The create_raw() method starts by loading the variety-language table, which maps varieties to their languages.
Then it goes through the expression-variety records, creating a table of expressions. The keys are expressions (ints) and the values are lists of form [variety, label, degraded text]. An entry is created only for expressions whose variety’s language is one of the two languages of interest. Label and degraded text are initially set to the empty string.
Next it goes through the expression-label and expression-degraded-text records, filling in the other fields of the expression entries.
Next it creates a denotations table. It goes through the denotation-expression records. If the expression has an entry in the expressions table, then a new entry is created in the denotations table. The key is the denotation (an int), and the value is a list of form [expression, part of speech, meaning]. Initially only the expression is set. Part of speech is initialized to the empty string and meaning is initialized to 0.
Next it goes through the denotation-pos records and the denotation-meaning records, filling in the remaining fields in the denotation entries.
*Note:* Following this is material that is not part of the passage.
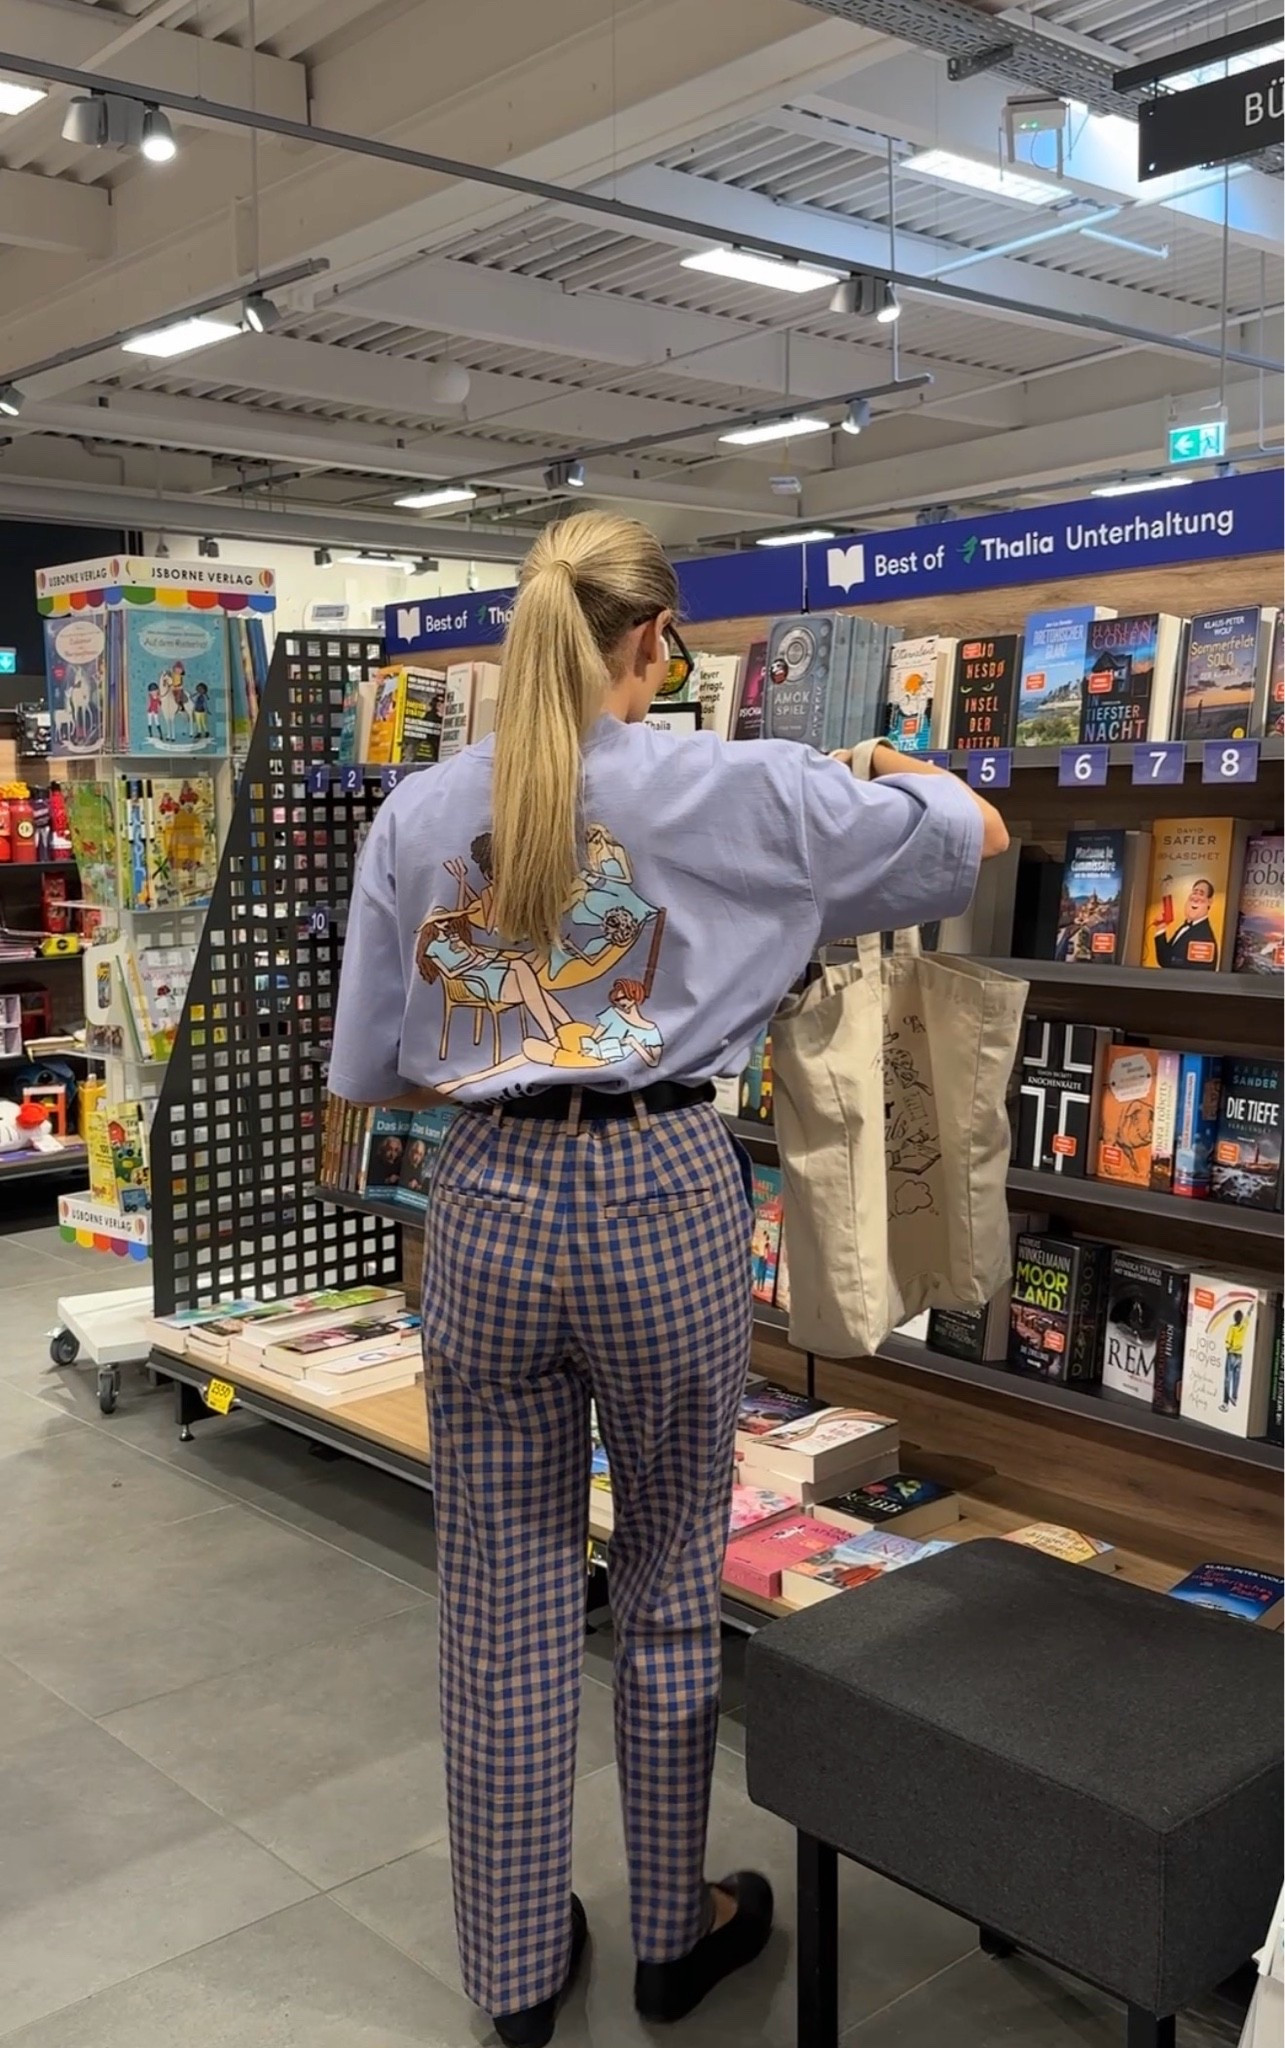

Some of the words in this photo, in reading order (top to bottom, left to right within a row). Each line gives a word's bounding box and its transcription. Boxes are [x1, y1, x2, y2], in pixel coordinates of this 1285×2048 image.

By that point, memory is pretty much full. Output is written to lang1-*lang2-raw.txt*. We pass through the denotations table. Each denotation entry contains an expression ID, we use it to fetch the expression entry. The expression entry contains a variety ID; we use it to look up the language. Each denotation generates one line of output, of form: <blockquote> m lang v expr degraded pos d e </blockquote>
The single letters represent integer IDs: meaning (m), variety (v), denotation (d), expression (e). The denotation and expression IDs are included only for debugging purposes.
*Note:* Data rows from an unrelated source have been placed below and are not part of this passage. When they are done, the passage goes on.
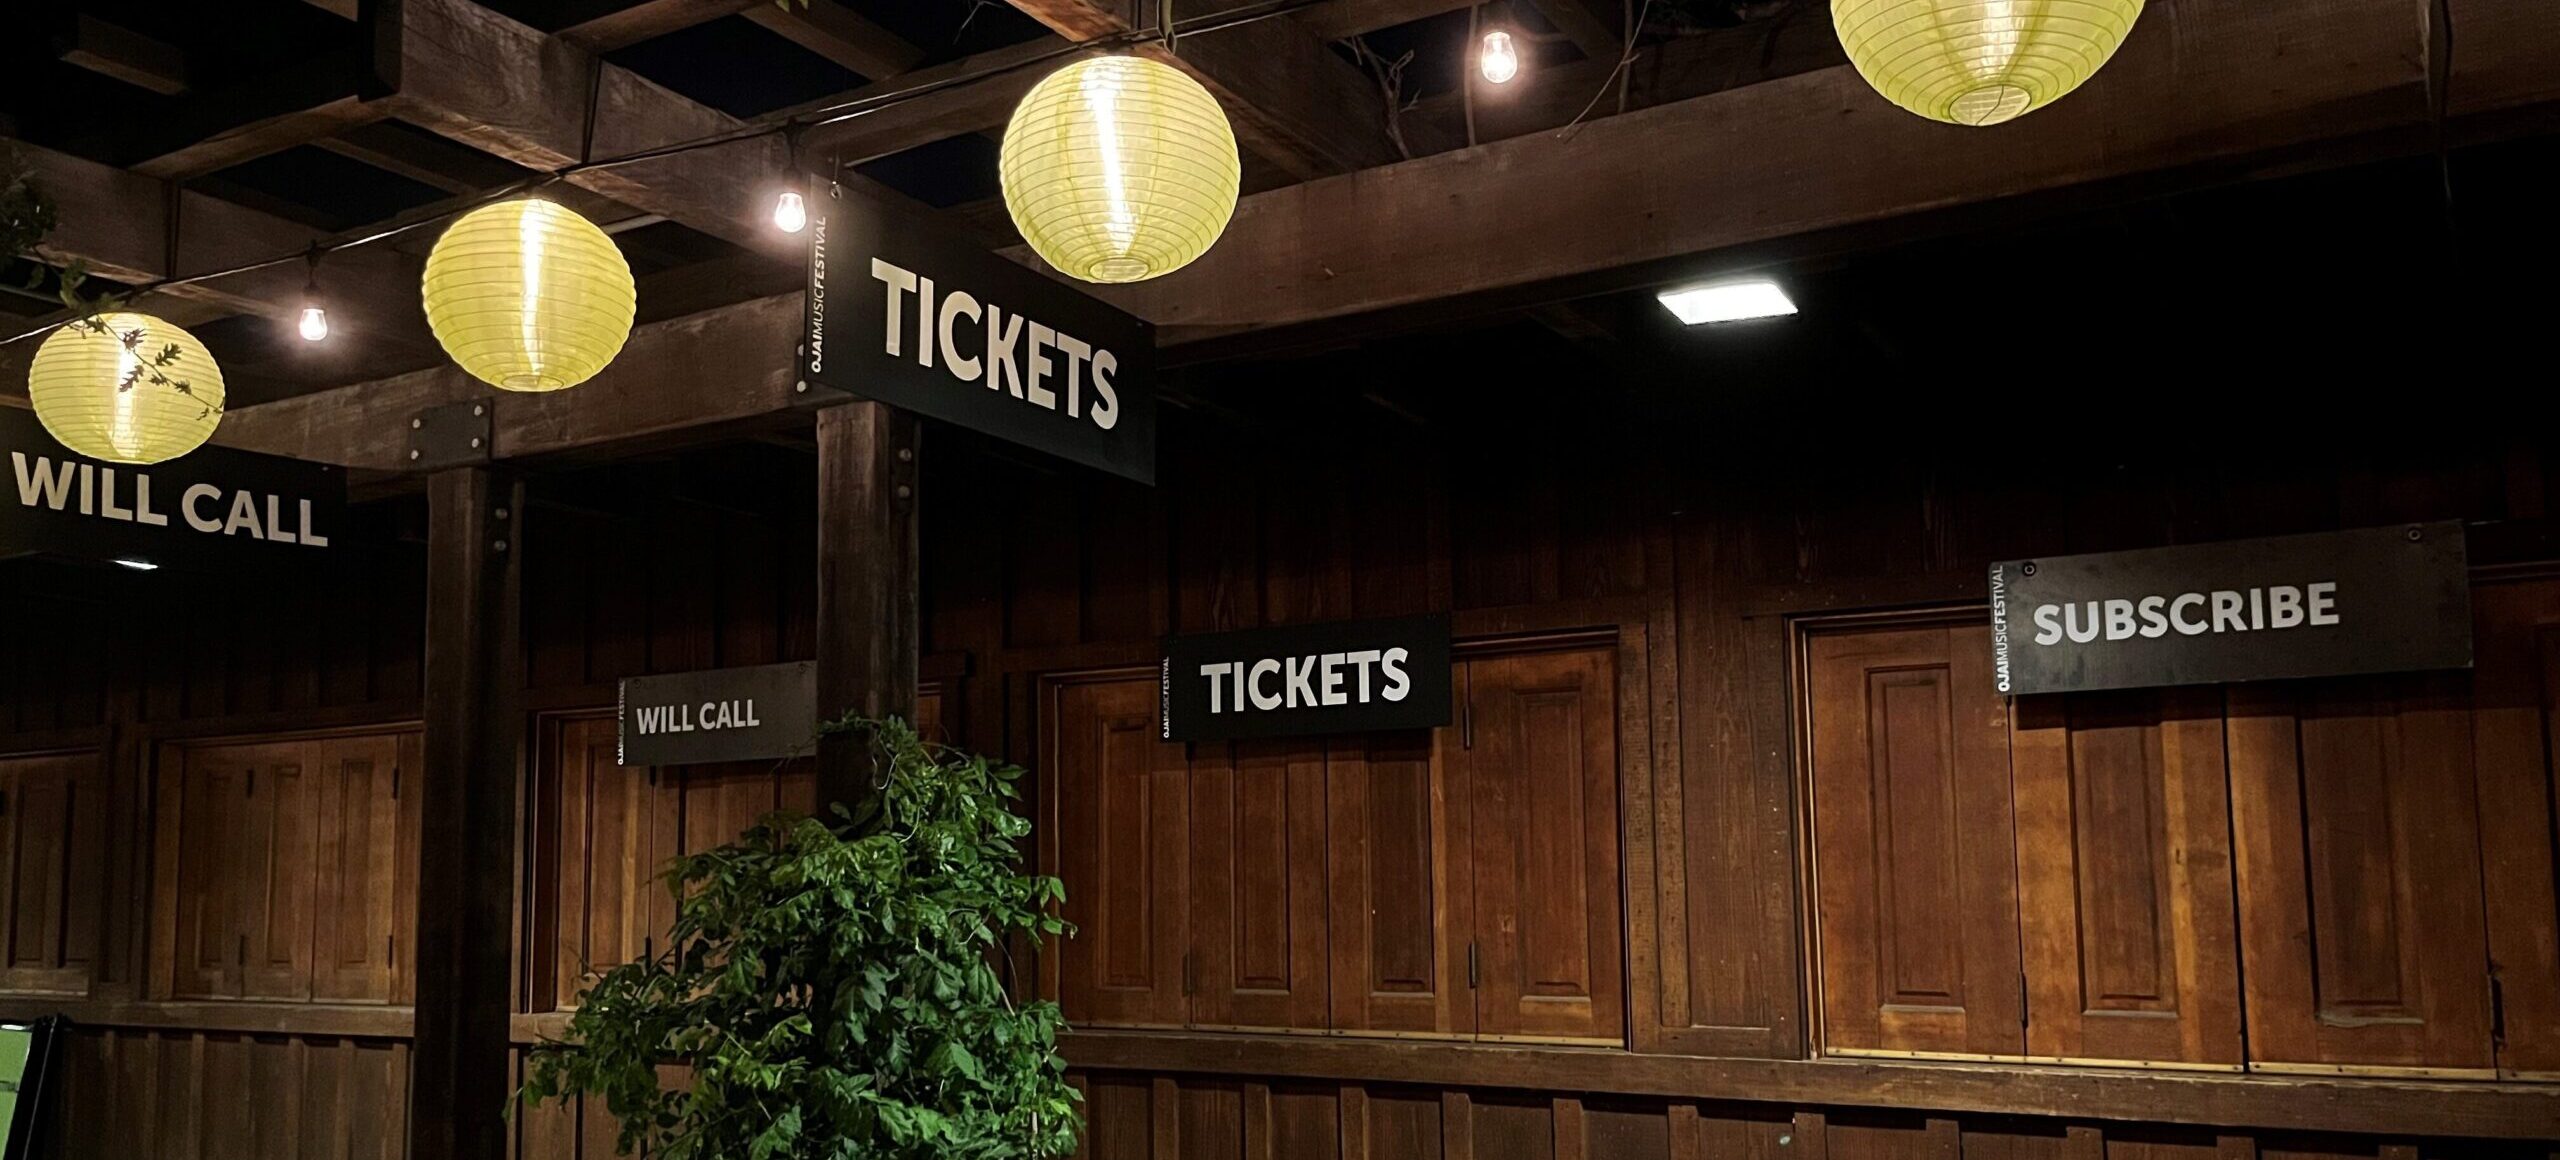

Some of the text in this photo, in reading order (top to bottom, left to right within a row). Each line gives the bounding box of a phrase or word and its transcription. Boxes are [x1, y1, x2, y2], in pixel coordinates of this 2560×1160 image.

[871, 256, 1119, 430] TICKETS
[11, 451, 328, 547] WILL CALL
[2033, 582, 2340, 646] SUBSCRIBE
[1200, 647, 1411, 714] TICKETS
[636, 699, 760, 735] WILL CALL
Sort raw. The method sort_raw() calls Unix sort to sort the raw file by meaning, language, variety, and label. The output is written to lang1-*lang2-m1.txt*. It takes a couple minutes to run.
Create m2. The method create_m2() adds approvers, and also filters out monolingual meanings. (I tried adding approvers when creating the raw file, but Python runs out of memory):
>>> b.create_m2()
The method scans through the m1.txt file, collecting a table of meanings. For each block of meanings, note is kept of whether both languages are seen. If so, an entry is created in the meanings table, and otherwise no entry is created. The meanings table is indexed by meaning ID, and the value is the approver ID (initialized to 0).
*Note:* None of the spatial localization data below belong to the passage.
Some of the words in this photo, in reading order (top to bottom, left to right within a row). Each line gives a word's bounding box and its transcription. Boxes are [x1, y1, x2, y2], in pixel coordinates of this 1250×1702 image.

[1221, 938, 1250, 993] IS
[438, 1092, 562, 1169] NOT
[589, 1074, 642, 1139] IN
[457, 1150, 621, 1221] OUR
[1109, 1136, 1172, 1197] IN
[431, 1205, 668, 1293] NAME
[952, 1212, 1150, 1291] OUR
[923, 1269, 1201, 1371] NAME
After creating the meanings table, the method passes through the meaning-approver records and sets the values (approvers) for the meanings.
Next it calls collect_approvers() to get the quality information for each approver.
Finally, it passes a second time through the m1.txt file. Each time it encounters a new meaning, it looks in the meanings table to see whether it should be kept or not. If the meaning is a keeper, the quality of the approver is looked up in the approvers table. Each line from m1.txt that is to be kept is copied to m2.txt, and two new fields are added at the end: approver ID and quality. Hence the lines in m2.txt are of form:
m lang v expr degraded pos d e a q
where “a” is approver and “q” is quality (both are ints).
Create sources. The method create_sources() extracts detailed information about each of the approvers. It writes the file lang1-lang2-sources.txt. The line format is:
a rel value
where “a” is the approver ID. The relations (attributes) are: lang, variety, regdate, label, creator, isbn, lic_id, license, year, publ, title, and url. An empty line is inserted before each block of records sharing a common value for “a.”
By word. The method by_word() creates a file containing lines of form:
word-lang1 quality word-lang2
The method sort_by_word() then sorts that file.
It turns out that the quality scores for the approvers are not very informative about whether the entries are actually good. For example, the top quality source (quality 7) for the Spanish word “a” includes meanings “crazy,” “missionary,” and “physical” - completely bogus. A much better gauge appears to be the number of sources in which the translation occurs.